● INSTRUCTIONS FOR THE TASK:
Reproduce each line below precisely. Drop the pictures.

● INFORMATION PROVIDED:
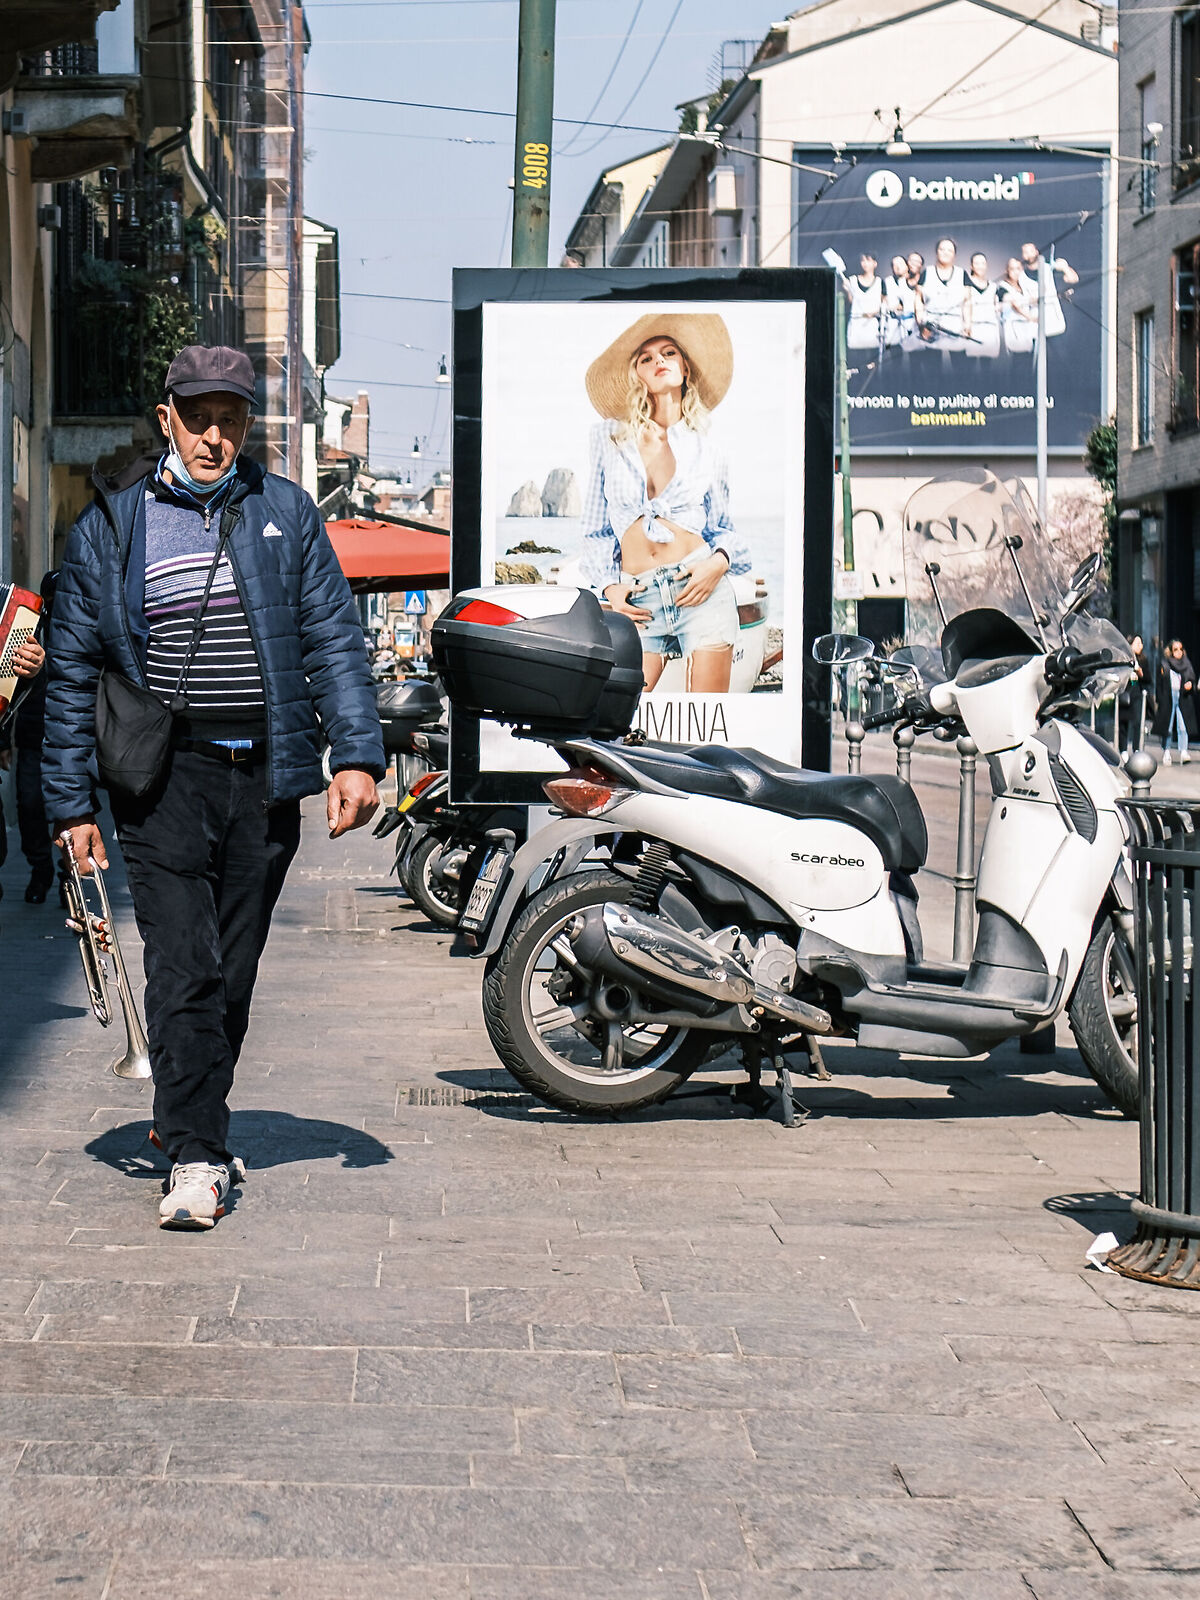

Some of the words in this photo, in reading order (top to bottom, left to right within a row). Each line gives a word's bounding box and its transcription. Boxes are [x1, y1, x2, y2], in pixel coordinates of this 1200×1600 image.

[522, 142, 549, 189] 4908
[908, 173, 1020, 201] batmaid
[846, 394, 894, 409] renota
[897, 394, 910, 409] le
[913, 395, 935, 409] tue
[938, 394, 981, 411] pulizie
[984, 394, 998, 409] di
[1000, 396, 1035, 409] casa
[910, 410, 986, 426] batmaid.it
[638, 702, 728, 742] MINA
[790, 852, 865, 867] scarabeo

● TASK ANSWER:
Some of the words in this photo, in reading order (top to bottom, left to right within a row). Each line gives a word's bounding box and its transcription. Boxes are [x1, y1, x2, y2], in pixel coordinates of this 1200×1600 image.

[522, 142, 549, 189] 4908
[908, 173, 1020, 201] batmaid
[846, 394, 894, 409] renota
[897, 394, 910, 409] le
[913, 395, 935, 409] tue
[938, 394, 981, 411] pulizie
[984, 394, 998, 409] di
[1000, 396, 1035, 409] casa
[910, 410, 986, 426] batmaid.it
[638, 702, 728, 742] MINA
[790, 852, 865, 867] scarabeo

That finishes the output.